- The task
Repeat every line below exactly as it reads.

++++++

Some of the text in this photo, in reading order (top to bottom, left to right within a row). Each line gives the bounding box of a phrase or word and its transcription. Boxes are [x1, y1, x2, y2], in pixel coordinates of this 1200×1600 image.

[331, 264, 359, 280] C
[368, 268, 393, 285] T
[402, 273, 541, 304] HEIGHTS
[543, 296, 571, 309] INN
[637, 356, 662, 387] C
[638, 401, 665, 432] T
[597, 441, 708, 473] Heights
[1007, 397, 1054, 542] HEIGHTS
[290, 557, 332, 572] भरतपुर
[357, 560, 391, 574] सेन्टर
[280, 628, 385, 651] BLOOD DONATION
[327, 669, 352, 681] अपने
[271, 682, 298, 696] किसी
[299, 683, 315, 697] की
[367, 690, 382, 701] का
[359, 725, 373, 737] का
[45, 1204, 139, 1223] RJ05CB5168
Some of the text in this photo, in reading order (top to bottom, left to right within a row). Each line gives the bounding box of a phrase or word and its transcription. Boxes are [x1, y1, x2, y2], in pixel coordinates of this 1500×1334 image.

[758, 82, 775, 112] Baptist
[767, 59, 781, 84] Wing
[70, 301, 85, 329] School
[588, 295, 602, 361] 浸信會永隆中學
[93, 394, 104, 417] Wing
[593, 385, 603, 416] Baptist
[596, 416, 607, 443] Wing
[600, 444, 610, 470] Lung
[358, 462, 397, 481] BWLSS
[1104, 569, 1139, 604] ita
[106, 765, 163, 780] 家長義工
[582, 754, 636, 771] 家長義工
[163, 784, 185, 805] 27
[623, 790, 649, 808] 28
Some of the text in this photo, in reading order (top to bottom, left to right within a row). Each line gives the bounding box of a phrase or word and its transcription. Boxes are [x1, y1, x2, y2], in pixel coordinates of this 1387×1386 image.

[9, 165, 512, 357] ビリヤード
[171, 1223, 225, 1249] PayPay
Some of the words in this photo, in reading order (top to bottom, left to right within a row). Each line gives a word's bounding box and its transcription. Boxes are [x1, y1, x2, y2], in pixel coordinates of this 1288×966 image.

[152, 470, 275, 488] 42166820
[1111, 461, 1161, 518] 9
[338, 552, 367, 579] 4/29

++++++

- Task solution
Some of the text in this photo, in reading order (top to bottom, left to right within a row). Each line gives the bounding box of a phrase or word and its transcription. Boxes are [x1, y1, x2, y2], in pixel coordinates of this 1200×1600 image.

[331, 264, 359, 280] C
[368, 268, 393, 285] T
[402, 273, 541, 304] HEIGHTS
[543, 296, 571, 309] INN
[637, 356, 662, 387] C
[638, 401, 665, 432] T
[597, 441, 708, 473] Heights
[1007, 397, 1054, 542] HEIGHTS
[290, 557, 332, 572] भरतपुर
[357, 560, 391, 574] सेन्टर
[280, 628, 385, 651] BLOOD DONATION
[327, 669, 352, 681] अपने
[271, 682, 298, 696] किसी
[299, 683, 315, 697] की
[367, 690, 382, 701] का
[359, 725, 373, 737] का
[45, 1204, 139, 1223] RJ05CB5168
Some of the text in this photo, in reading order (top to bottom, left to right within a row). Each line gives the bounding box of a phrase or word and its transcription. Boxes are [x1, y1, x2, y2], in pixel coordinates of this 1500×1334 image.

[758, 82, 775, 112] Baptist
[767, 59, 781, 84] Wing
[70, 301, 85, 329] School
[588, 295, 602, 361] 浸信會永隆中學
[93, 394, 104, 417] Wing
[593, 385, 603, 416] Baptist
[596, 416, 607, 443] Wing
[600, 444, 610, 470] Lung
[358, 462, 397, 481] BWLSS
[1104, 569, 1139, 604] ita
[106, 765, 163, 780] 家長義工
[582, 754, 636, 771] 家長義工
[163, 784, 185, 805] 27
[623, 790, 649, 808] 28
Some of the text in this photo, in reading order (top to bottom, left to right within a row). Each line gives the bounding box of a phrase or word and its transcription. Boxes are [x1, y1, x2, y2], in pixel coordinates of this 1387×1386 image.

[9, 165, 512, 357] ビリヤード
[171, 1223, 225, 1249] PayPay
Some of the words in this photo, in reading order (top to bottom, left to right within a row). Each line gives a word's bounding box and its transcription. Boxes are [x1, y1, x2, y2], in pixel coordinates of this 1288×966 image.

[152, 470, 275, 488] 42166820
[1111, 461, 1161, 518] 9
[338, 552, 367, 579] 4/29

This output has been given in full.